A short explanation may be due here for those of you who have iPhones and live in the Northern hemisphere. While it’s hard to get statistics on this, if you live in the rest of the world and have Android, WhatsApp is ubiquitous. This is partly because SMS messages are expensive and partly because WhatsApp is easy to use and people enjoy sending photos, gifs and videos.
WhatsApp is a great tool for keeping in touch with friends and family, especially with groups, but how effective is it for work?
While there is a WhatsApp for Business app, I am not talking about that, just how the regular WhatsApp app is used for work purposes.
In the world today, the lines between work and play are increasingly blurred and WhatsApp is also contributing to that. Doctors have told me that their patients send them photos of symptoms and ask for a diagnosis on WhatsApp at any time of day. It can be invasive, inefficient, and above all unnecessary.
Let’s evaluate the pros and cons of WhatsApp for work.
The pros are that it is instant, even more immediate than email. You can also see that the other person has read your message more easily. It’s chatty, user-friendly and informal.

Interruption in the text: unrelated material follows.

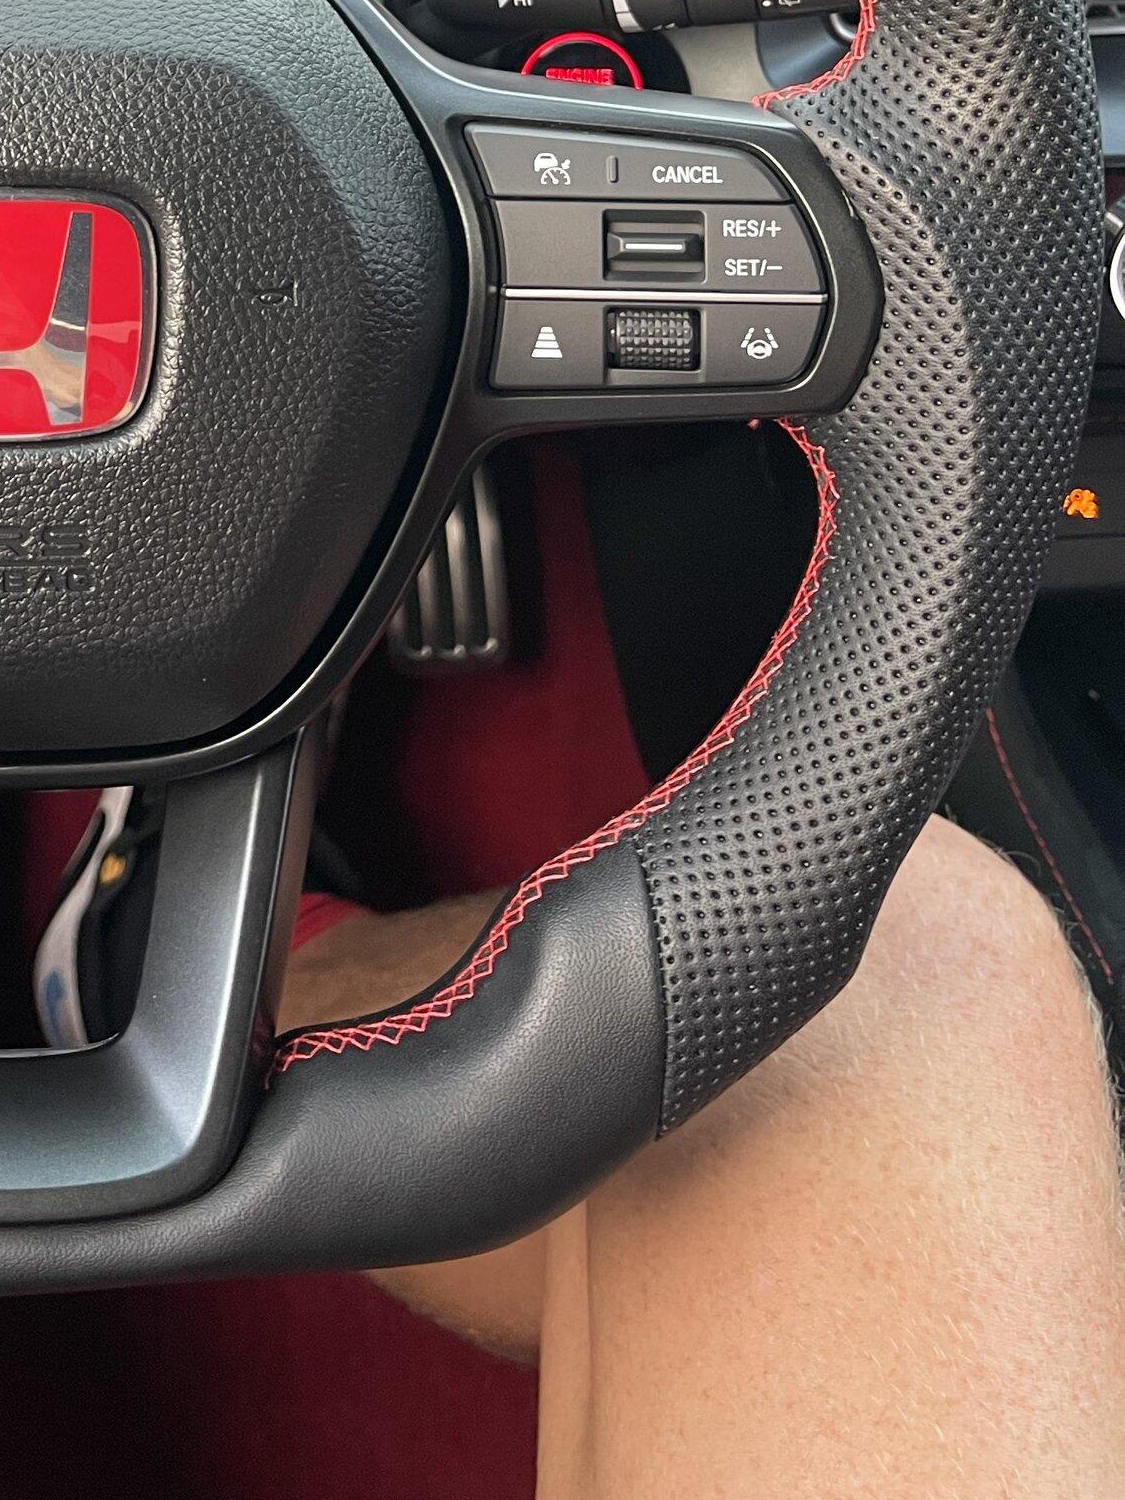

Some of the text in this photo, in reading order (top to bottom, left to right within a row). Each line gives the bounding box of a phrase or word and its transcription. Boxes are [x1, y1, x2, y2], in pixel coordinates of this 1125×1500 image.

[545, 67, 614, 86] ENGINE
[651, 165, 724, 184] CANCEL
[722, 218, 783, 238] RES/+

The cons are that it is not really searchable, or at least only in the most primitive way. Again, while you can archive a conversation, this also happens in a very primitive way. So as far as two basic work necessities go: searching and filing, it’s not doing well.
And we haven’t even got to audios yet.
I have to admit that audio messages are a pet hate of mine. However, sending voice messages is extremely popular in Argentina, maybe because WhatsApp has no top level speech to text function, unlike the iPhone.

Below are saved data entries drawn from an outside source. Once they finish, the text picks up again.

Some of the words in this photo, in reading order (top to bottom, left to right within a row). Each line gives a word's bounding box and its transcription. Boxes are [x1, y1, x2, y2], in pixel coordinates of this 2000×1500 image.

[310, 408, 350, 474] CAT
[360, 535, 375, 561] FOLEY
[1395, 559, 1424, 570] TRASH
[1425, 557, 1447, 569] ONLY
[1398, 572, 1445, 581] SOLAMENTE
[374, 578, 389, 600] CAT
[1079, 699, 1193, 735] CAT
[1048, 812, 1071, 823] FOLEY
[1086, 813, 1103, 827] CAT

All those people you see walking along the street in Buenos Aires talking into their phones are communicating via audio messages. While I can sympathize with a quick – 1-minute maximum – audio, under an extreme situation such as when you are walking along and need to tell someone something urgently, I can see no circumstances in which a five-minute audio is justifiable – even less so for work purposes.
It is particularly difficult when you are in a crowded place, or on public transport, and you can see the icon of an audio message but have no idea whether it is important or not. You have to search around for a pair of headphones, before often finding out that it is just someone who can’t be bothered to leave a written message.
Some people find audio messages so irritating that they put a sign in their availability status saying they do not listen to audio messages. This seems a little extreme, as there may be situations that are easier to explain in a recorded message than in writing. But it does seem to defeat the object of WhatsApp – easy-to-read-at-a-glance, instant and user-friendly – to repeatedly use (or rather abuse) audio messages.
To go back to WhatsApp at work, I also know several people, two of them freelance journalists, who only use email, unless the issue is time sensitive. They tell me that they regularly have to insist on clients and sources using email and that it can be quite a struggle.
But it’s a battle that I think is worth it. WhatsApp can be handy to send someone at work a reminder or tell them that you have sent an email, but while it continues to have minimal search and file functions it is not an effective work communication tool in itself.
WhatsApp has just changed its policy on forwarding messages to fight fake news, in response to political situations in Brazil and India. I am sure that we can address the invasive use of WhatsApp for work ourselves, without any outside intervention.